Author's Note: This is a completely AU examination of the notion that instead of Mr Carrisford, Sherlock Holmes might have been the one to seek out Sara Crewe when her father died. Please note that there are many changes to the canonical timeline: Watson's wife Mary did not die while Holmes was "dead" but survived and by 1895 had five children, so, naturally, Watson did not move back in with Holmes when he returned; the cases described after Holmes' return in 1894 mostly did not take place because of other events which this story will elucidate. Aspects of the "Little Princess" stories have changed as well, but you will find those out. Other than that, I hope you will find your Holmes still Holmes-y and your Little Princess still Little Princess-y.
It had been touch-and-go with Holmes' life for some time, but we succeeded in saving it, just in time for Christmas that year of 1895. My wife and children were pleased to finally have me back, but we were all more deeply pleased at the survival of my friend. How he had survived that fortnight's voyage back from India already in the grip of brain fever (which we now call meningitis), whether it was thanks to his own iron will, or to the nursing skills of the lascar called Ram Dass who had attached himself to him, or whether we ought to attribute it to a miracle, I will never know, but survive it he did, and survive the long fight at St. Bart's he did as well.

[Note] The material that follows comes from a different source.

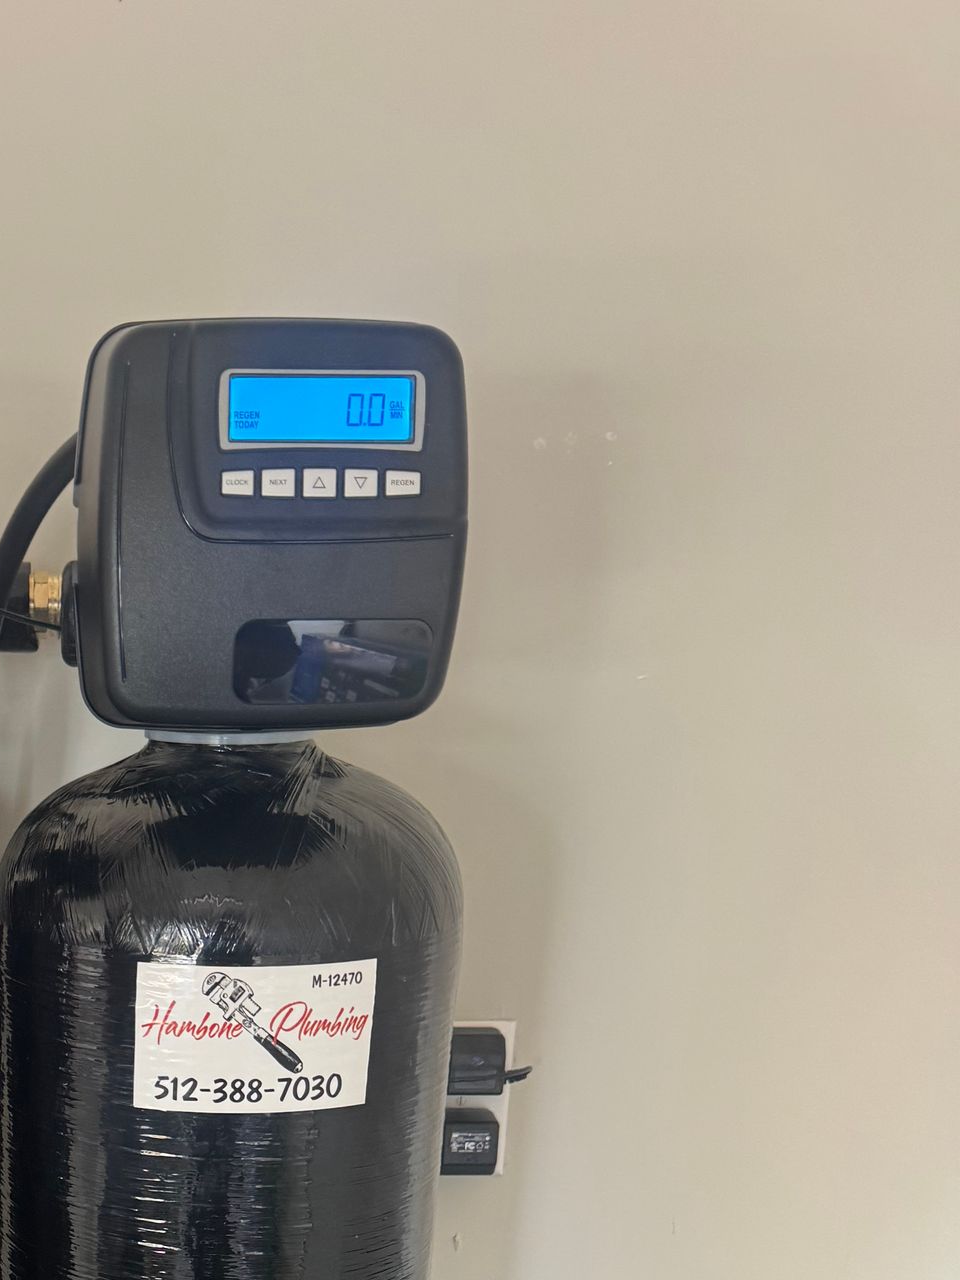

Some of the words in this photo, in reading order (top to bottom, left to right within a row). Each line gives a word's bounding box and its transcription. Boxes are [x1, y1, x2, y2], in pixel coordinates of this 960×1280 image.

Whether he would survive the following months was less certain. With brain fever, or meningitis, comes certain dangers. The first and most common is death. But worse, in Holmes' opinion, is the possible loss of mental faculties, the delirium, confusion, and weakening of the brain. Of all the illnesses to beset Holmes on his case in India, brain fever was the worst that could happen. He found his usual acuity gone, found himself struggling between equally valid choices, found himself unable to sustain for very long a single train of thought without wandering away. In vain I comforted him that it was likely to be temporary, while the brain fever was still upon him, but it cast him into a depression. He had other reasons for his depression as well, which I did not know then but very soon came to know intimately.
Meanwhile, we brought him back home to 221B Baker Street. He no longer occupied the two bedrooms and sitting room alone but had taken over the lease for all of B some year ago, thinking he would want more room for experimentation and freedom to indulge the odd whims that Mrs Hudson had often complained of. My own home and surgery, somewhat to my own astonishment at the time, had ended up being just around the corner; I shared it with my beloved wife Mary and five children. I could only hope that the school for girls in 220 Baker Street next to Holmes would not disturb his convalescence.
Holmes was a sad, pathetic sight as we brought him home very early in January of 1896. My wife Mary, who had known him well, wept to see him, though she did not let him see, because she knew what he would think of it. His long form was hunched over as we led him slowly up the steps, his jaundiced skin stretched far too tightly over his fine bones. He looked twenty years older than he was. There was even suddenly a touch of white at his temples, where the hair had always been the most perfect raven black. His eyes, too, were dull and haunted.
I paid no attention to the crowd watching us, his nurse and me, as we helped him into the house, or I might have seen the little girl in scanty black watching with a hungry look in her eyes. Holmes says he saw her and thought nothing of her, beyond an automatic note that the once-fine, now-bedraggled state of her clothing indicated that she was not a beggar. If he had had his full faculties about him, the whole case might have been solved then and there. As it was, he saw nothing but a little girl who was not a beggar and promptly forgot about her in the fevered haze he was under.
Ram Dass, at a loss for something to do while Holmes was in hospital, had completely furnished the nearly empty house in a style that suited him, the rich, Anglo-Indian style of many newly-returned British officers. I wasn't quite sure what Holmes would think of that, but in his state he hardly cared. For several days after we moved him from St. Bart's, he could not stir from his bed. It was only when at last he was ensconced in his old wingback chair before the fire days later, more enervated than I had ever seen him even at his most bored, that I learned the full tale of what had drawn him to India and what caused so much of the depression and the wild anxieties that had attended him in the fever.